8. Because our agents have suggested specific measures to surmount their difficulties in the way of recruitment, namely, the Calcutta Agent:-

(1.) That he be authorized to revert to the former scale of wages, beginning at 5 rupees per month, with a proportionate increase to coolies who have previously enigrated.

(2.) That the proportion of females be reduced from 40 to 30 for every 100 males. And the Madras Agent:-

That he be authorized to offer engagements to females as is done by the West Indian and French Colonies. The measures proposed by them, having been approved by the Immigration Committee which has even added authority to pay bounties to females willing to emigrate, experience alone can show whether they will be sufficient or not to induce the required number to emigrate.

9. Because we are the more inclined to believe that the reverting to the former minimum scale of wages beginning at 5 rupees per month (which we think was reduced to 4 rupees after the fever epidemic and the disastrous hurricane of 1888, and has been lately raised to its former amount) will produce the desired effect, as those requisitionists who last year authorized the Agents to offer that scale have obtained a fair number of the emigrants whom they wanted.

10. Because the re-establishment of the right to a free return passage, far from facilitating the emigration of females would produce a contrary effect, as the past experience of emigration has proved that when an immigrant leaves India with the idea of returning, he is much less inclined to bring his wife and family with him; so that the proposed measures would, in that respect, increase rather than diminish the difficulties of our Agents.

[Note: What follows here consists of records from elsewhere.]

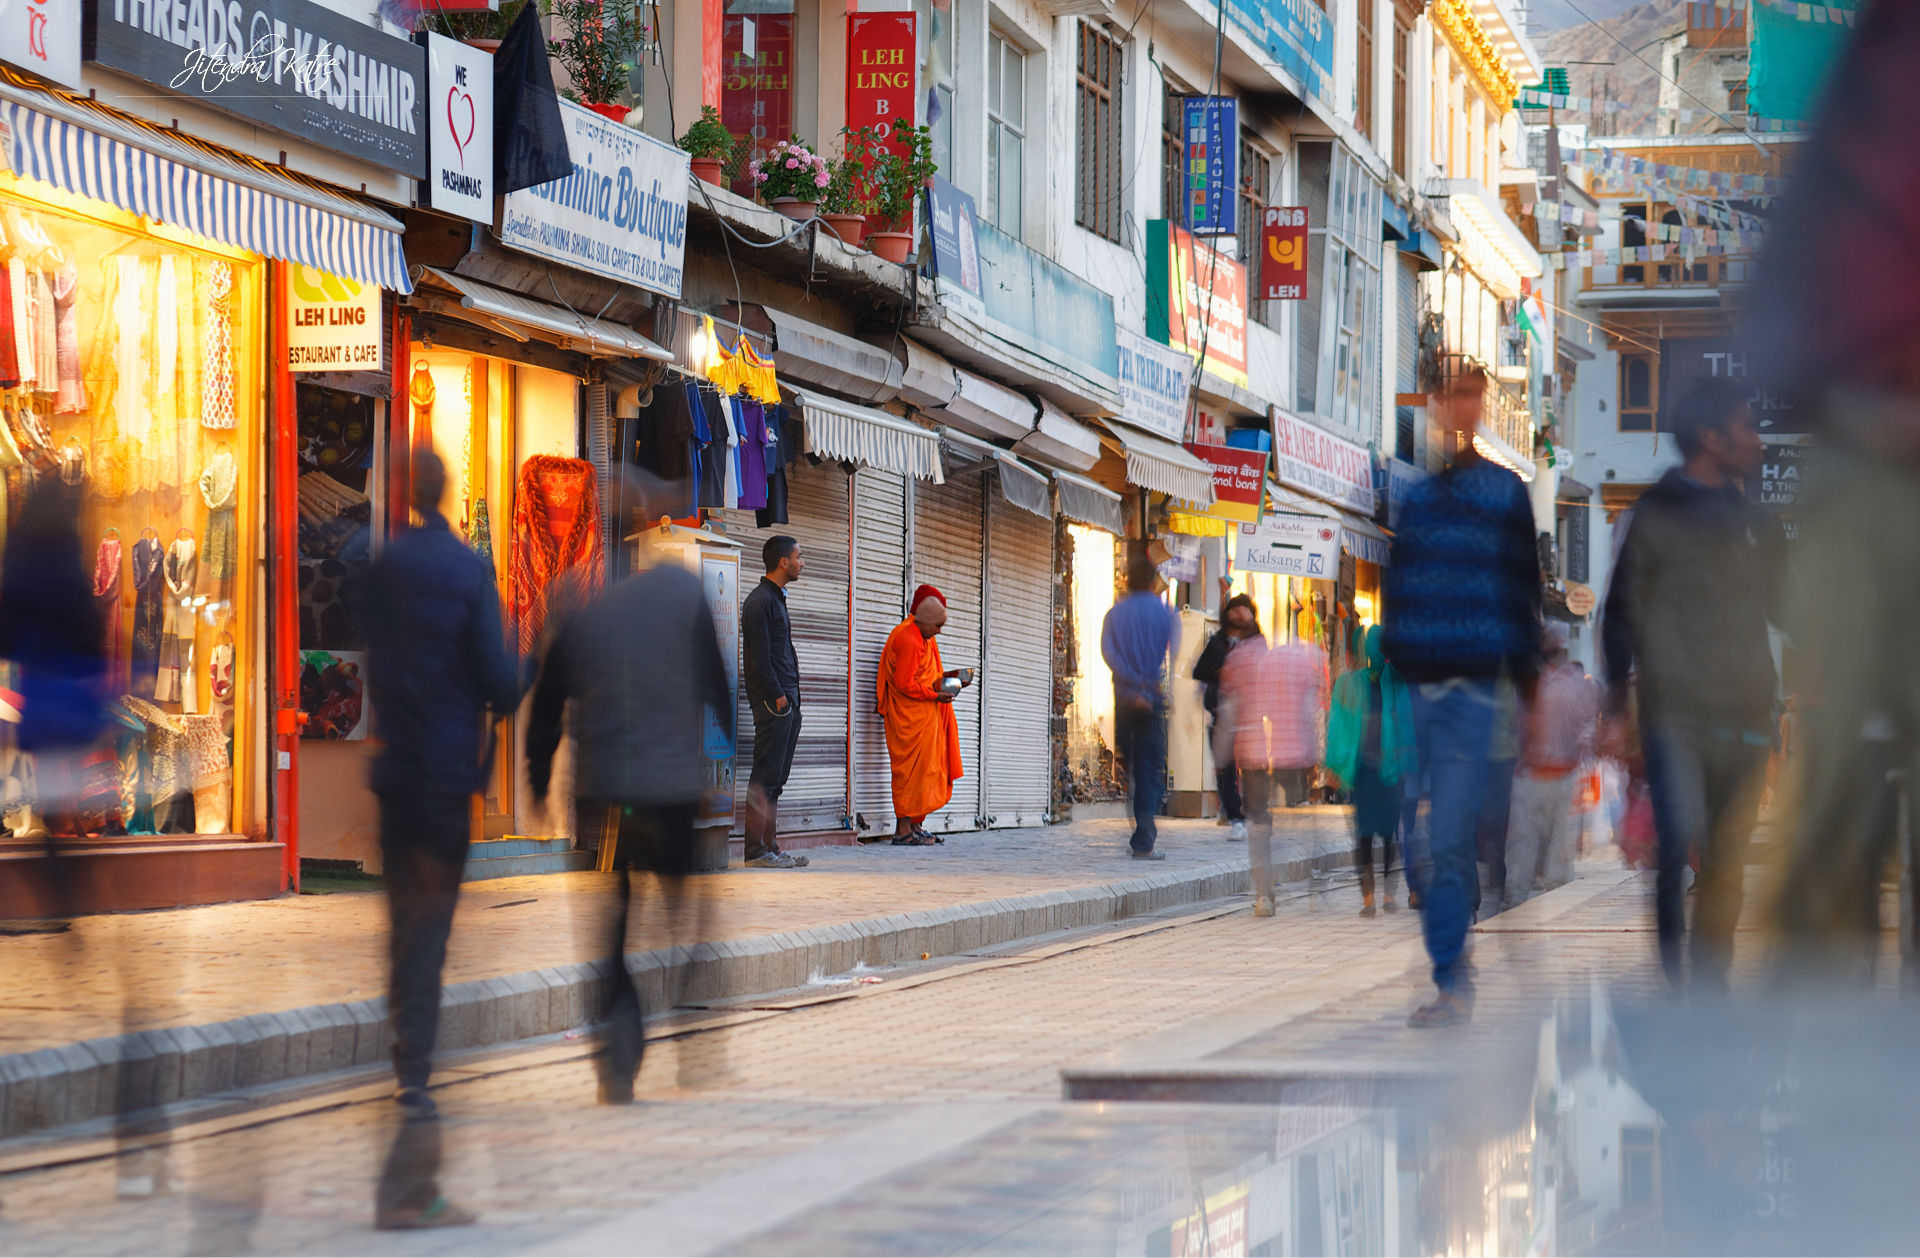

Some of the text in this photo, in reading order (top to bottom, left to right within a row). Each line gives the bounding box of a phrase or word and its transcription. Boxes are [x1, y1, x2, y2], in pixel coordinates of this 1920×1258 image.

[862, 48, 904, 65] LEH
[113, 0, 244, 66] READS
[294, 27, 417, 136] KASHMIR
[455, 64, 467, 87] WE
[856, 72, 909, 89] LING
[442, 168, 482, 199] PASHMINAS
[614, 166, 686, 260] Boutique
[1265, 209, 1305, 227] PNB
[539, 221, 570, 253] PASHMINA
[571, 232, 596, 260] SHAWLS
[596, 241, 611, 265] SILK
[611, 247, 641, 276] CARPETS
[646, 258, 657, 281] OLD
[658, 262, 681, 290] CARPETS
[1269, 285, 1300, 298] LEH
[295, 307, 365, 327] LEH LING
[288, 345, 377, 364] ESTAURANT & CAFE
[1703, 352, 1747, 376] TH
[1762, 464, 1799, 480] HA
[1212, 475, 1258, 491] onal bank
[1248, 548, 1303, 571] Kalsang
[713, 618, 734, 635] STIVAL
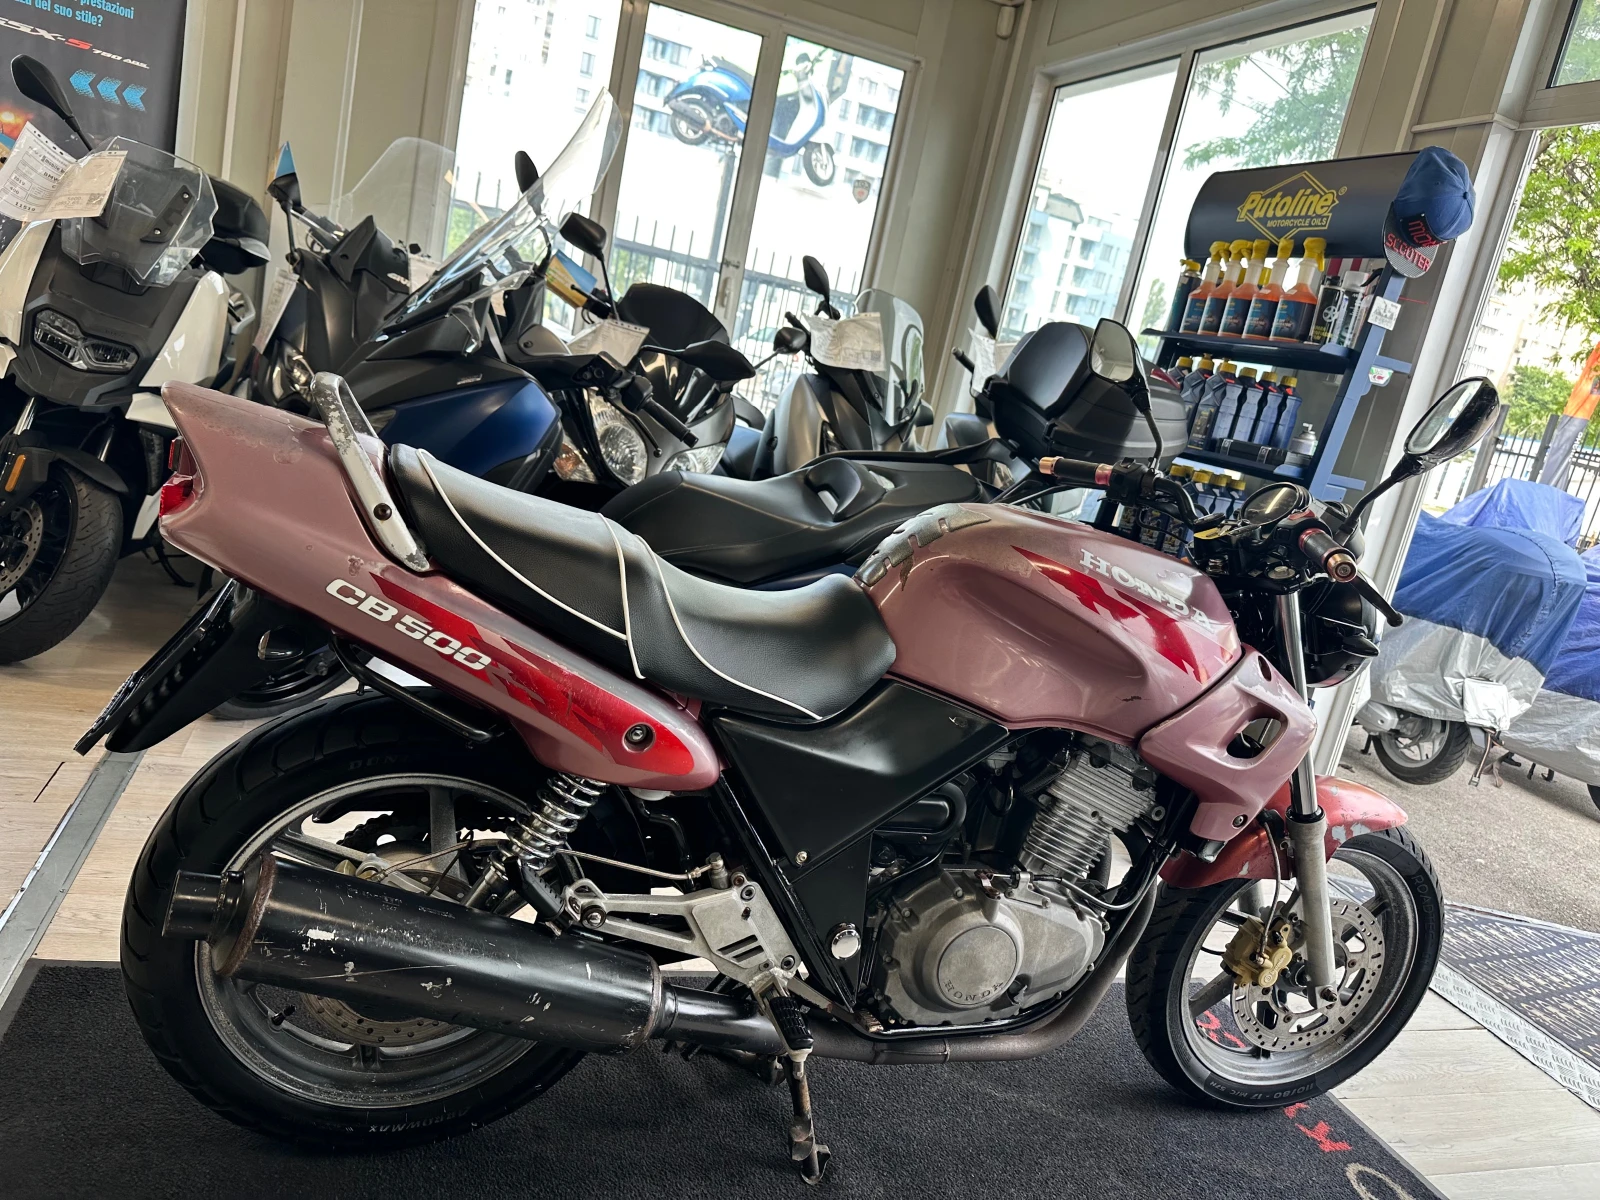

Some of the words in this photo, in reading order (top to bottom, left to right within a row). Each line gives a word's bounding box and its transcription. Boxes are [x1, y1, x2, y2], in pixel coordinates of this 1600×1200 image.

11. Because, with respect to the fear of an excess of population in this Colony, the past history of immigration has proved that the vagrants whose stay is hurtful to the Island, are not those who wish to go and who would leave us if they were entitled to a return passage. By far the larger number of that class remained here under the former system, and the same thing would very likely occur in ten years.

hence.

12. Because our labouring population having considerably increased since twenty years by the permanent settlement of Indian immigrants, and the number of births being likely to exceed more and more that of the deaths on account of the daily increasing proportionate number of females; this Colony is likely to find amongst its resident population more and more of the labour which it requires, and the number of future immigrants wanted from India will, undoubtedly, be much less than it was in the past. The more so as the expense of introducing immigrants is now paid directly by the planter who asks for the men, instead of being as formerly, paid from the general revenue of the Colony; and the cost for each man averaging from 91. to 131., is materially increased by the desertion and death of a proportion of the men during five years, and by the comparative inefficiency of their labour during the first two years which makes it more advantageous to employ old immigrants at rates of wages nearly double that of the new immigranta at the Government scale, beginning at 5 rupees per month. So that the population which has scarcely increased for the last few years, from the excess of arrivals over departures is not likely to increase sensibly from that source during the next ten years.

13. Because the inference that planters having requisitioned for 7,000 men in 1871 and for 8,000 during the first four months of 1872, and having only received 2,760, are still in want of 12,240 men would be erroneous; as unexecuted requisitions lapsing after twelve months, 5,000 of the 8,000 men requisitioned for this year, must be held to replace the same number of last year for which the requisitions have lapsed. 14. Because a few hundred vagrants or inefficient labourers who, in ten years hence, might annually avail themselves of their free return passage, could produce no appreciable benefit in regard to over population or in a sanitary point of view.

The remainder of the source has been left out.